# Exercise objective:
Starting from the line containing "this 1600×1200 image.", write out the rest of the entries exactly, through the final line, including nothing else.

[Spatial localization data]
BEGIN
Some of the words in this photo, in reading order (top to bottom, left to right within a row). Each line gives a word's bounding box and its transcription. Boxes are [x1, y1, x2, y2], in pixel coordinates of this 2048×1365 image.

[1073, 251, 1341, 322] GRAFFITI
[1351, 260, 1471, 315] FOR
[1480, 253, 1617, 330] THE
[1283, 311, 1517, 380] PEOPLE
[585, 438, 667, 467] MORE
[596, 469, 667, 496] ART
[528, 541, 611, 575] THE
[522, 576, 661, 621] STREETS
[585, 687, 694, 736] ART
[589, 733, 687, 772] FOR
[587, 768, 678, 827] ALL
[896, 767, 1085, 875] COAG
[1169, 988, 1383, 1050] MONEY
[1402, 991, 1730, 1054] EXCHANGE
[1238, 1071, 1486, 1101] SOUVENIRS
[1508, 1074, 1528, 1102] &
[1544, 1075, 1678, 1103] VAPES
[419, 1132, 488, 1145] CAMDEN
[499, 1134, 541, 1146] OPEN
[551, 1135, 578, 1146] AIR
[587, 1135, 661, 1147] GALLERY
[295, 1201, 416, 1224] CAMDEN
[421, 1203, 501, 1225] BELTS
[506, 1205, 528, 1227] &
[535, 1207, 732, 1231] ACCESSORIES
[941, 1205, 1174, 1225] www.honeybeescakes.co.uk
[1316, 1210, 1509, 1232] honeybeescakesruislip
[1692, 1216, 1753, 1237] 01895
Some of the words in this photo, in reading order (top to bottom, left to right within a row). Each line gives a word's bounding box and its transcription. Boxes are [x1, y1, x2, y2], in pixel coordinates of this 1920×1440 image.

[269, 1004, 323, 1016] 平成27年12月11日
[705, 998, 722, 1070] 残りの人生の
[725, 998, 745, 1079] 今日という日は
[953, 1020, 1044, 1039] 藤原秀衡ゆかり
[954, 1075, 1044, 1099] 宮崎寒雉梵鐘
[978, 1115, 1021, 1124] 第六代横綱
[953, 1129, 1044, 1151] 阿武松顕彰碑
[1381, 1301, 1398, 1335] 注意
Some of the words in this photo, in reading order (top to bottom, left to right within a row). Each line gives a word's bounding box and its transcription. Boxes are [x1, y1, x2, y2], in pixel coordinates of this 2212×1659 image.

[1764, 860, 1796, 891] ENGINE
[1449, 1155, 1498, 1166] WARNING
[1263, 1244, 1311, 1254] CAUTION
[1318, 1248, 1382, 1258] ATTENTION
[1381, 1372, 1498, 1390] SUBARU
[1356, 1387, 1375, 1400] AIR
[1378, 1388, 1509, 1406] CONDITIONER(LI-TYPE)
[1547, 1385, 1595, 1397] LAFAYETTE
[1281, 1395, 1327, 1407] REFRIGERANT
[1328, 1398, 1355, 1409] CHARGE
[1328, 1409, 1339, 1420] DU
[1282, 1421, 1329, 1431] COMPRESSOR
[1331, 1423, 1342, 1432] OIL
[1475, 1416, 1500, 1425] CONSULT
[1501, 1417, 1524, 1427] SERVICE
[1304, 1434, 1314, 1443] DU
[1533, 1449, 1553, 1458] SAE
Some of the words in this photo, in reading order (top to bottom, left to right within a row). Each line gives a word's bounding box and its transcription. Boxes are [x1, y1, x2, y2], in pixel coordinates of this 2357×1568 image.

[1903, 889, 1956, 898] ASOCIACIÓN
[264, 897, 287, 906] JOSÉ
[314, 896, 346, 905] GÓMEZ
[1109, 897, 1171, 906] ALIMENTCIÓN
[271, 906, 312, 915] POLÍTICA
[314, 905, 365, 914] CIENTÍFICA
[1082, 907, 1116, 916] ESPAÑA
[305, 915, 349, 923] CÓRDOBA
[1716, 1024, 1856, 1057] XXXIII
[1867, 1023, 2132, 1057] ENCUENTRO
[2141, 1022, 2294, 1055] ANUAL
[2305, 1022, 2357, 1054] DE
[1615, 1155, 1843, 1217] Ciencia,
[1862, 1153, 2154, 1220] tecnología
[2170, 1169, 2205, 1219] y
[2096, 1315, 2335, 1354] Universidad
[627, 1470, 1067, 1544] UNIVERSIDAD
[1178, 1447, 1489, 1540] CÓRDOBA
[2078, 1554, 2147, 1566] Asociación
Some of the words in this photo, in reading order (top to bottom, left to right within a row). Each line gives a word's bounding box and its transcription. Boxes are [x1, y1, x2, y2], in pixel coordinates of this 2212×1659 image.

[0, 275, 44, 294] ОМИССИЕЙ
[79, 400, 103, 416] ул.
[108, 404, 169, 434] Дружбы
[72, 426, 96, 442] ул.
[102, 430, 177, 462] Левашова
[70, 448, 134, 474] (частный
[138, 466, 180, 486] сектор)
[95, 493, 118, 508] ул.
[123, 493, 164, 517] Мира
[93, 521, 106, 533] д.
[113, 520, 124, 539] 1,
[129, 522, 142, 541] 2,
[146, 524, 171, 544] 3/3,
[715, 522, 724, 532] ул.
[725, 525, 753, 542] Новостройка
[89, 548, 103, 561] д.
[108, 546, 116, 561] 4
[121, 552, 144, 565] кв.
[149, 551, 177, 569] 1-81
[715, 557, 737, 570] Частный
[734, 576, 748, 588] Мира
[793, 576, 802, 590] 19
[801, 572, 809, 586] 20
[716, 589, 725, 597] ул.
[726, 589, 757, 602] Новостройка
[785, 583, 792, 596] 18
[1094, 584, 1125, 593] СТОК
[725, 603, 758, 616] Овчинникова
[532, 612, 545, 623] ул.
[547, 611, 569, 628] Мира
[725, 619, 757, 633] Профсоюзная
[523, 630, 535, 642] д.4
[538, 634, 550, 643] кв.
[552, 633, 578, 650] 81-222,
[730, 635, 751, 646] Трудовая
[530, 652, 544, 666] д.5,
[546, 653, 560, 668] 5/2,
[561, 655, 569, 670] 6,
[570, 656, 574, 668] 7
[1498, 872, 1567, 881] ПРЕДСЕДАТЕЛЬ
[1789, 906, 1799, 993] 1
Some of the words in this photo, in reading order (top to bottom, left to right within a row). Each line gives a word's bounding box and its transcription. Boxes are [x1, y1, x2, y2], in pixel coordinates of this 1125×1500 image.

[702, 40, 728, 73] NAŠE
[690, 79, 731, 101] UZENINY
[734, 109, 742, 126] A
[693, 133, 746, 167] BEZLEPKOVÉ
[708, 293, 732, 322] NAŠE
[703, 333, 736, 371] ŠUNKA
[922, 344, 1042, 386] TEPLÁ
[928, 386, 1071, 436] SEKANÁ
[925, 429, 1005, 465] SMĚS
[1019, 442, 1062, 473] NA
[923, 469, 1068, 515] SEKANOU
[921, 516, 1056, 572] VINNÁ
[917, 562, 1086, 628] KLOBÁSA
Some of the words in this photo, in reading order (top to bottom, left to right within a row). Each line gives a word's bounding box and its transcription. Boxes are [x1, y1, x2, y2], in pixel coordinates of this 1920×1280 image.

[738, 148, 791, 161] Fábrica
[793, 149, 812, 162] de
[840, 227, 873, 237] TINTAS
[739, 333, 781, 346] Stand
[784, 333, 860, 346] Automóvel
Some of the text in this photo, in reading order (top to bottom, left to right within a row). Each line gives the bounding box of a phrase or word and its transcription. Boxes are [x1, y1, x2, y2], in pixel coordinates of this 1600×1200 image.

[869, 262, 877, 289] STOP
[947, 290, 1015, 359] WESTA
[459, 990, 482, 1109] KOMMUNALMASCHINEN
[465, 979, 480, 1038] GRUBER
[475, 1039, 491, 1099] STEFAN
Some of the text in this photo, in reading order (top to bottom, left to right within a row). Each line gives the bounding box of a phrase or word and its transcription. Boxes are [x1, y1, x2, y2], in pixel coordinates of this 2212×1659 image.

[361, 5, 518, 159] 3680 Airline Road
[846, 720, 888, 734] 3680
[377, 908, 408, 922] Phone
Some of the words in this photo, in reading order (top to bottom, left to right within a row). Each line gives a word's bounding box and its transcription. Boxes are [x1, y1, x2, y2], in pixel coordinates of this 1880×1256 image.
END
# Response to the exercise:
Some of the text in this photo, in reading order (top to bottom, left to right within a row). Each line gives the bounding box of a phrase or word and its transcription. Boxes are [x1, y1, x2, y2], in pixel coordinates of this 1600×1200 image.

[869, 262, 877, 289] STOP
[947, 290, 1015, 359] WESTA
[459, 990, 482, 1109] KOMMUNALMASCHINEN
[465, 979, 480, 1038] GRUBER
[475, 1039, 491, 1099] STEFAN
Some of the text in this photo, in reading order (top to bottom, left to right within a row). Each line gives the bounding box of a phrase or word and its transcription. Boxes are [x1, y1, x2, y2], in pixel coordinates of this 2212×1659 image.

[361, 5, 518, 159] 3680 Airline Road
[846, 720, 888, 734] 3680
[377, 908, 408, 922] Phone
Some of the words in this photo, in reading order (top to bottom, left to right within a row). Each line gives a word's bounding box and its transcription. Boxes are [x1, y1, x2, y2], in pixel coordinates of this 1880×1256 image.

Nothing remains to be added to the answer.